Dehan spoke for the first time. “How can you be so precise?”
He took a deep breath and let out a shuddering sigh. “Because he was embracing her. He had his arms around her an
d they were swaying slightly side to side.”
I raised a hand. “Let’s be clear, Chad. You are saying that he was hugging her, not holding her by the shoulders?”
“No, no way. I was no more than fifty or sixty feet away. You can measure it. There are four big trees along there. I was standing by the second tree and I could see them clearly. He was holding her in his arms. Then he picked her up.”
Dehan sounded incredulous. “He picked her up?”
“Yeah, like a groom carrying a bride over the threshold. He turned around and carried her back to the corner, to a white truck.”
“What did he do next?”
“I don’t know. I turned and went back home, and swore to myself that I would never trust another woman so long as I lived.”
“OK, Chad, I need you to be absolutely certain about your next answer. What kind of truck was it?”
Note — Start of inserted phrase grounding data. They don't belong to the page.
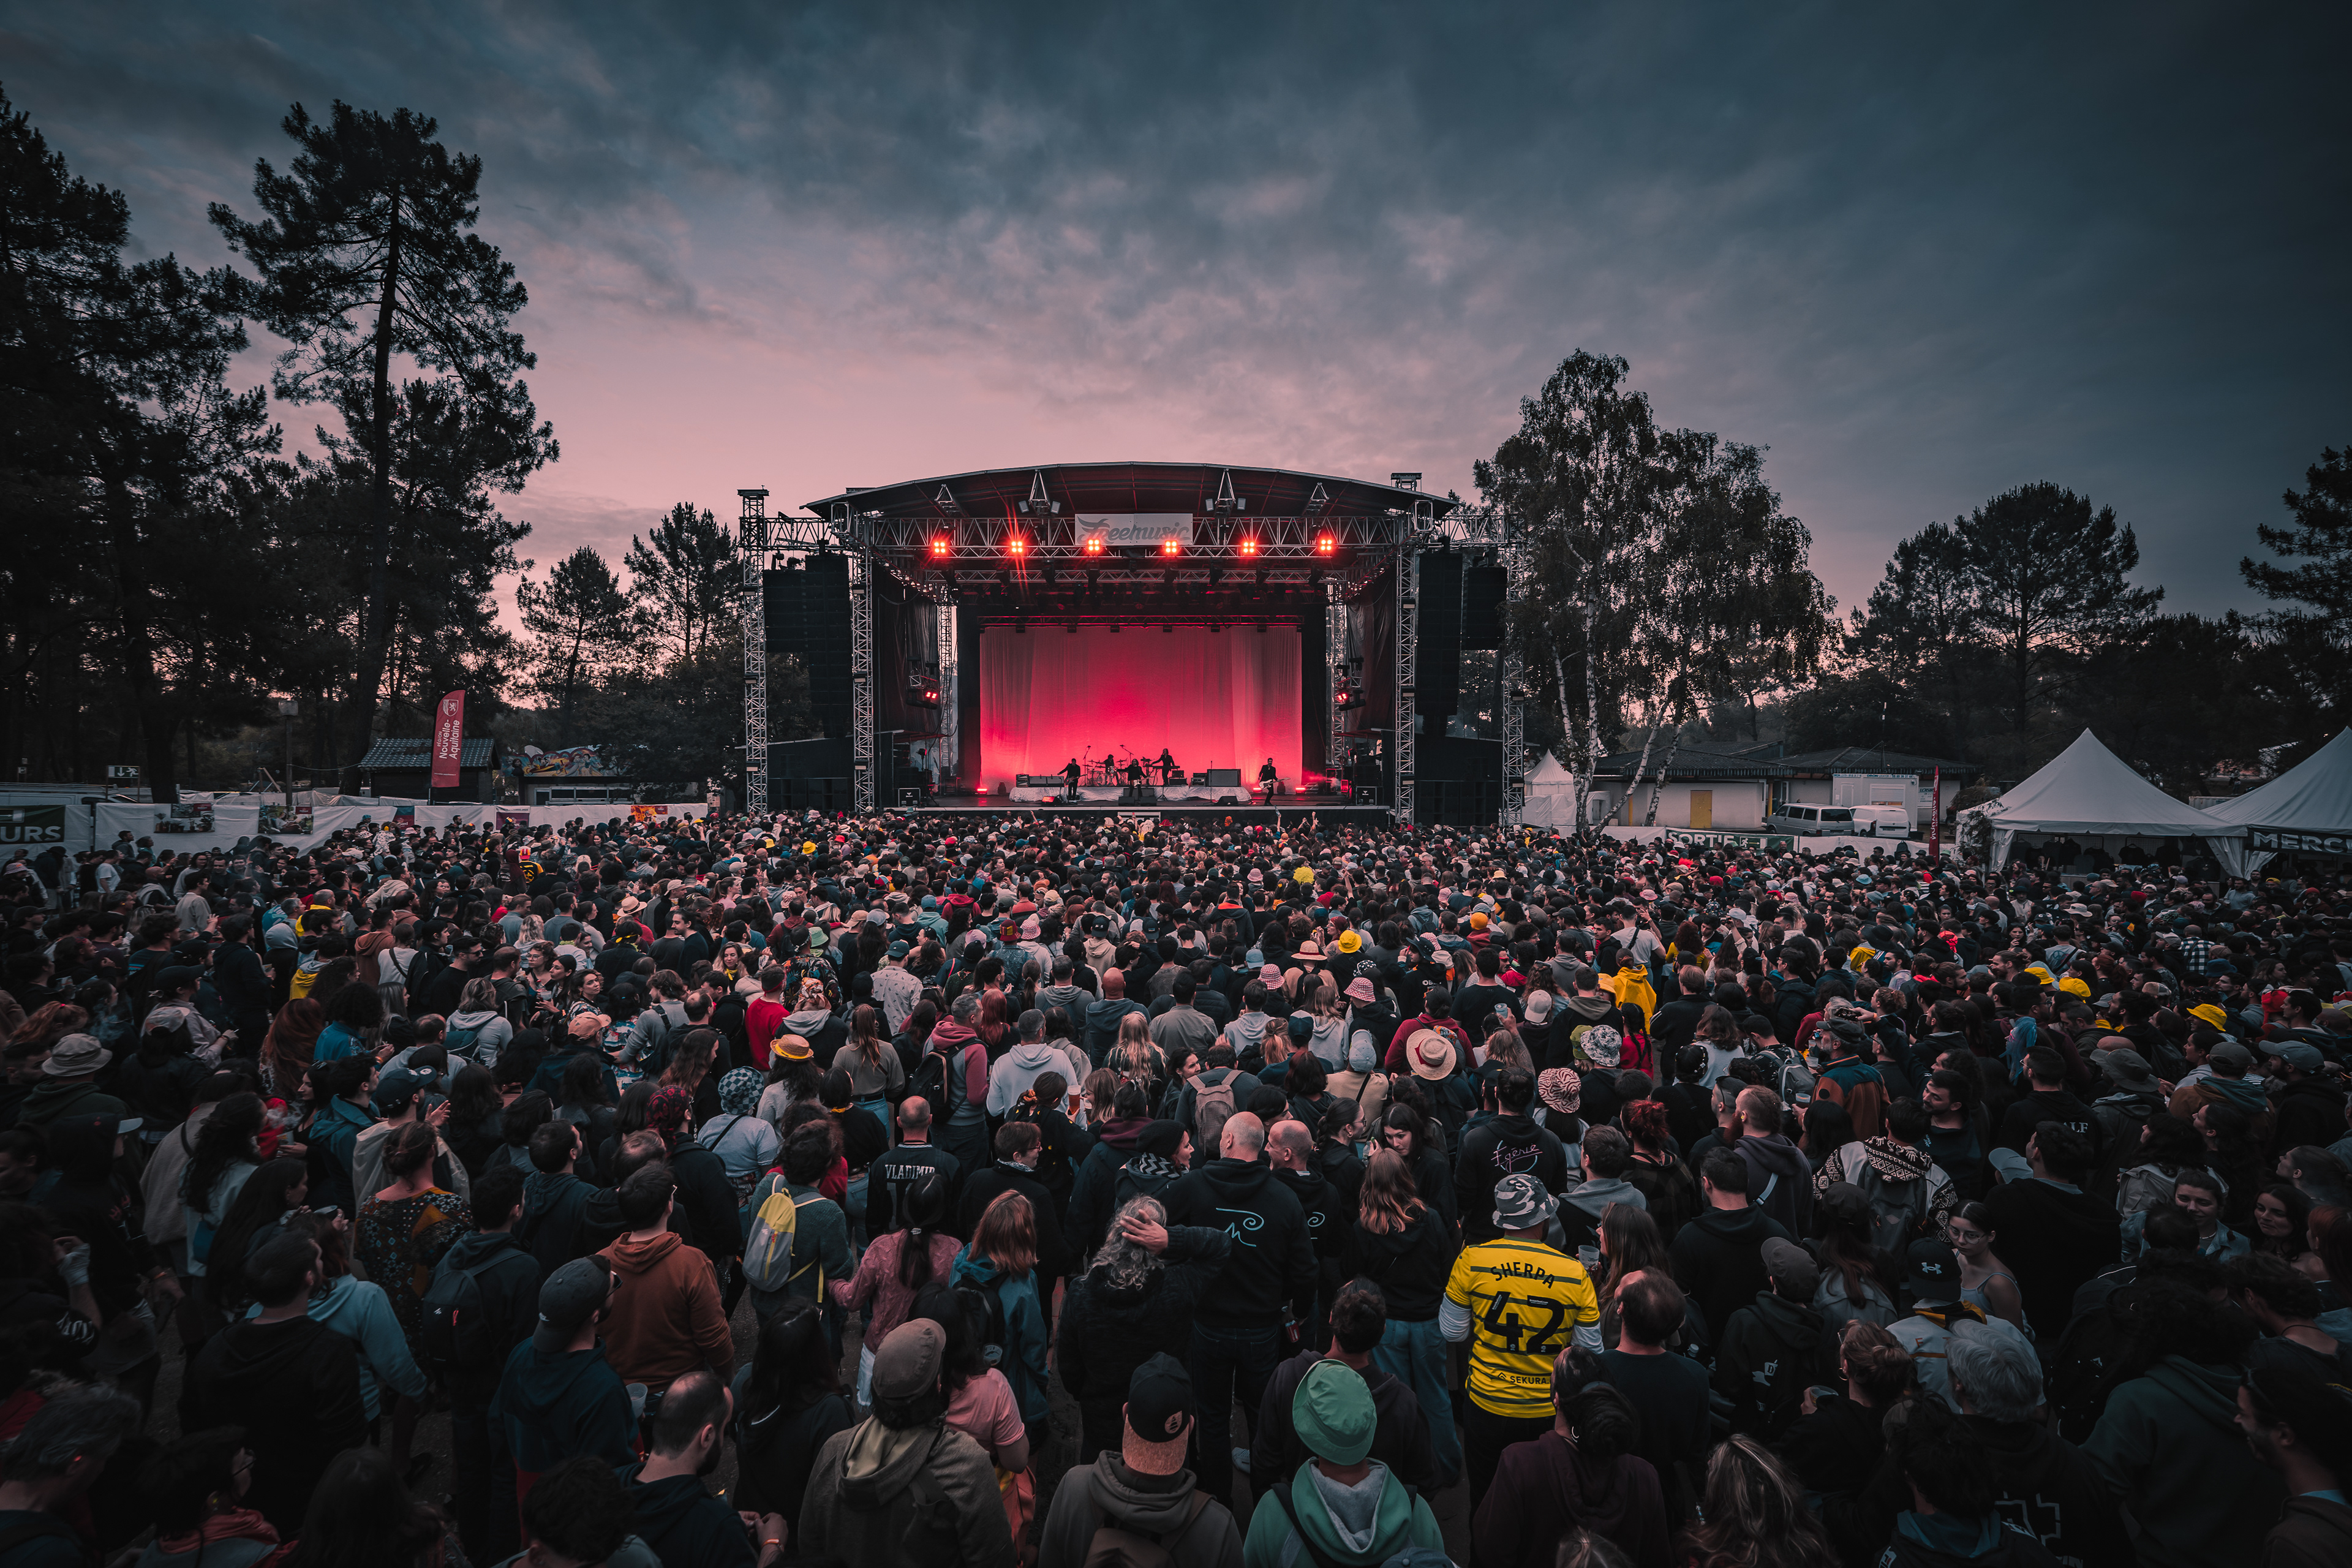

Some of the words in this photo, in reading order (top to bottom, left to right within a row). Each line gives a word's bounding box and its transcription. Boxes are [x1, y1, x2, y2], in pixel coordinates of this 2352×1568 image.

[439, 719, 451, 759] Nouvelle-
[448, 720, 460, 760] Aquitaine
[1668, 832, 1735, 848] SORTIE
[1490, 1262, 1555, 1289] SHERPA
[1484, 1291, 1565, 1354] 42
[1510, 1376, 1551, 1384] SEKURA.
“I can’t tell you the make, but it was a pickup, maybe a Ford or a Toyota.”
“Not an SUV with passenger seats in the back? A Jeep maybe?”
“No. It was a pickup.”
The waitress arrived with our burgers, told us to enjoy our meal and withdrew. I sat back, staring at my food, unseeing. I shook my head and said, “Chad, I don’t know whether to tell you this or not. The man you saw was not Lenny, Rod, Detective Leonard Davis, whatever you want to call him.”
His eyes narrowed. “Who the hell was it, then?”
“I’m not sure, but Detective Davis is about five foot six or seven at the most, and he drives a white Jeep Cherokee.”
“Then I might have saved her?”
“I don’t think so, Chad. I think by the time you saw them, she was already dead. I think what he did after you turned away, was to put her in the back of the truck, under the tarpaulin. I’m sorry.”
He was silent for a long time. None of us ate. Eventually he said, “So she didn’t lie to me…”
It was Dehan who answered. “That has to be some kind of consolation, Chad.”
He narrowed his eyes at her. “Consolation?”
“It sucks every way, Chad, but this way it sucks less, and at least you get to keep the memory.”